Spintronic lasers offer promising perspectives for novel concepts and characteristics superior to conventional purely charge-based devices. This applies in particular to spin-polarized vertical-cavity surface-emitting lasers (spin-VCSELs), which exhibit ultrafast spin and polarization dynamics. Using pulsed spin-injection, oscillations in the circular polarization degree can be generated, which have the potential to be much faster than conventional relaxation oscillations and may exceed frequencies of 100 GHz. The oscillations originate from the coupled carrier-spin-photon system in birefringent VCSEL cavities. The polarization oscillations are independent from conventional relaxation oscillations and thus can be the cornerstone for ultrafast directly modulated spin-VCSELs in the near future. It is possible to switch the oscillations on and off, depending on phase and amplitude conditions of two consecutive excitation pulses. Even half-cycles can be generated, which is the basis for short polarization pulses, only limited by the polarization oscillation resonance frequency.

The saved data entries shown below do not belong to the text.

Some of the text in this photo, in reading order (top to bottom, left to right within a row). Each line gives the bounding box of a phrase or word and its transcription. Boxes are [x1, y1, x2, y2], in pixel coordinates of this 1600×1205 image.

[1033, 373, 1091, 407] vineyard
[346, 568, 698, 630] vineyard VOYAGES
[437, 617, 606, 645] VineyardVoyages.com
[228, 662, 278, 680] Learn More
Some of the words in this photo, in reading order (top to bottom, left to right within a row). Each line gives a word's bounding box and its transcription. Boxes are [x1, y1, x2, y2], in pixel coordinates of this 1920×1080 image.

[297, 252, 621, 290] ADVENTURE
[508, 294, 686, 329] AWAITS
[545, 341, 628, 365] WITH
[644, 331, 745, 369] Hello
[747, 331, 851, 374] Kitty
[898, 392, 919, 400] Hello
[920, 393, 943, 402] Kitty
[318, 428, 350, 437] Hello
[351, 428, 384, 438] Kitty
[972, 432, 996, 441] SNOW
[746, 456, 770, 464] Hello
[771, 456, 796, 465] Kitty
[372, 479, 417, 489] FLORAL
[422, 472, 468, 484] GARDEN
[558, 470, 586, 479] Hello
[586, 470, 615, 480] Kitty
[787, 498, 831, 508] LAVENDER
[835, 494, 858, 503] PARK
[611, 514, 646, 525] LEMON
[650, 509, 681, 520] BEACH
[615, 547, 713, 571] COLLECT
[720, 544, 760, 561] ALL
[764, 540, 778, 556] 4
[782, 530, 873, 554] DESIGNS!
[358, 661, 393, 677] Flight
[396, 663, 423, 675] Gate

Experimental results of oscillation switching are given using an 850 nm oxide-confined single-mode VCSEL. In order to increase the polarization oscillation frequency, the birefringence has to be tuned to higher values. We demonstrate a method to manipulate the birefringence by adding mechanical strain to the substrate in vicinity of the VCSEL. With this method the polarization oscillation frequency can be tuned over a wide range. The results are compared to the theory with simulations using the spin-flip-model.